To review the contents of a specific storage integration, do the following:

Log in to Wherobots Cloud.
At the top of the screen, click the Storage Source dropdown.
Select your desired bucket.

View all storage integrations¶

To review the storage integrations in your Organization, do the following:

Go to Organization Settings.
Scroll to Storage.

You can see the Name, Type, Path, and Created on date associated with each bucket.

Delete storage integration¶

To delete a storage integration, do the following:

Go to Organization Settings.
Scroll to Storage.
Click … > Delete next to the storage integration that you want to remove.
Click Delete to confirm that you want to delete this storage integration.

Access integrated storage in a notebook¶

Once you create a storage integration, you can read your data in a Wherobots Notebook. This works for both private and public Amazon S3 buckets.

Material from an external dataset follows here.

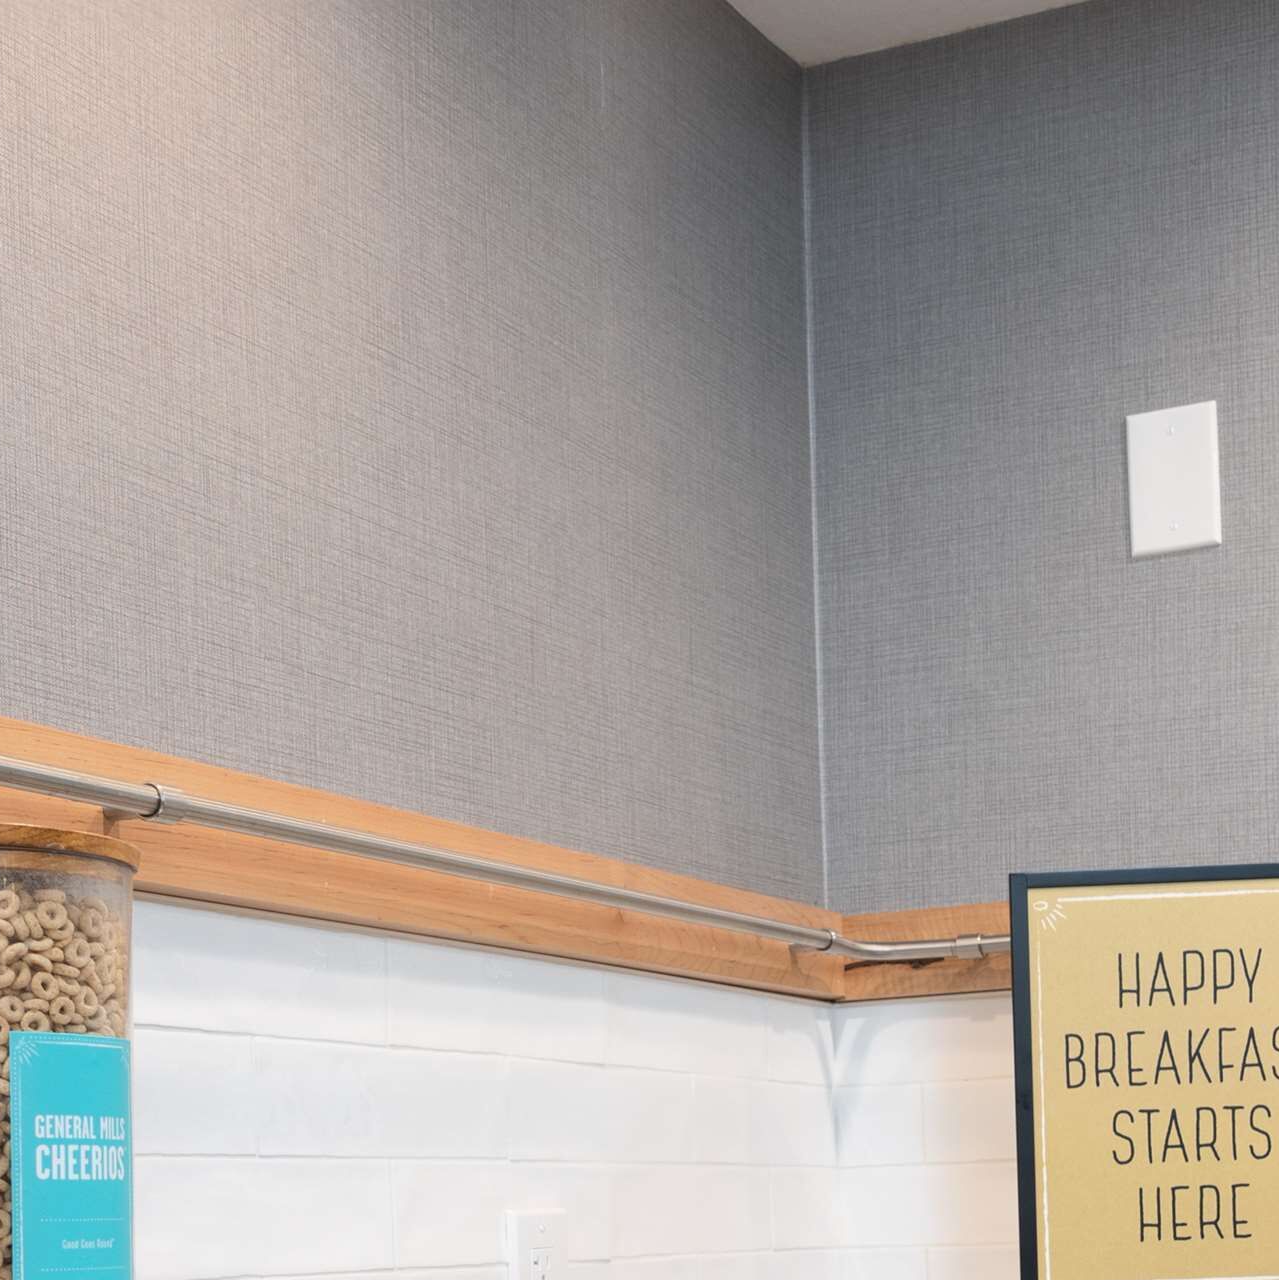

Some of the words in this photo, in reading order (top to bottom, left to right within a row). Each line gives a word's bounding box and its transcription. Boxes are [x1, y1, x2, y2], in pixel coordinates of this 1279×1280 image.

To use a storage integration in a notebook, do the following:

Log in to Wherobots Cloud.
Start a Notebook. For more information on how to start and manage a notebook, see Notebook instance management.
Create a Notebook with a Python Kernel. For more information, see Jupyter Notebook Management.
In the Notebook, include the following Python code, replacing YOUR-S3-BUCKET-PATH and FILE-PATH with the path to your bucket and the file path to your bucket resource, respectively:
```
from sedona.spark import *
config = SedonaContext.builder().getOrCreate()
sedona = SedonaContext.create(config)
path = "s3://YOUR-S3-BUCKET-PATH/FILE-PATH"
rawDf = sedona.read.format("binaryFile").load(path) rawDf.printSchema()
```
Note

In Wherobots Cloud, YOUR-S3-BUCKET-PATH cannot contain periods. For example, s3://my.bucket.name is not allowed. Acceptable S3 bucket paths can consist of alphanumeric characters, underscores, equal signs, and dashes.

Run the cells. You should see the following output:

root
|-- path: string (nullable = true)
|-- modificationTime: timestamp (nullable = true)
|-- length: long (nullable = true)
|-- content: binary (nullable = true)

Spatial Catalog¶

A Spatial Catalog can be created from a private bucket storage integration at any time, allowing for multiple catalogs per integration and addressing situations where a Spatial Catalog wasn't created during the initial setup. For usage information, see Spatial Catalog.

Warning

In alignment with security best practices, Wherobots strongly discourages using a public bucket to create a Spatial Catalog, since doing so requires giving write access to a public bucket. Granting write access to a public bucket is generally discouraged due to the potential for unauthorized modification and data breaches.

To create a Spatial Catalog from a storage integration, do the following:

Log in to Wherobots Cloud.
Click Spatial Catalog.
Click Create Catalog.
In the Name field, enter a name for your Spatial Catalog.
In the Storage dropdown, select a private bucket.
(Optional) In the Path field, enter the sub-folder where you’d like to store this Spatial Catalog within your Amazon S3 bucket.

Storage integration limitations¶

Currently, Wherobots' Amazon S3 integration has the following limitations:

In Wherobots Cloud, your Amazon S3 bucket's path cannot contain periods. For example, s3://my.bucket.name is not allowed. Acceptable S3 bucket paths can consist of alphanumeric characters, underscores, equal signs, and dashes.
A bucket can only be configured with a single storage integration.
In alignment with security best practices, Wherobots strongly discourages using a public bucket to create a Spatial Catalog, since doing so requires giving write access to a public bucket. Granting write access to a public bucket is generally discouraged due to the potential for unauthorized modification and data breaches.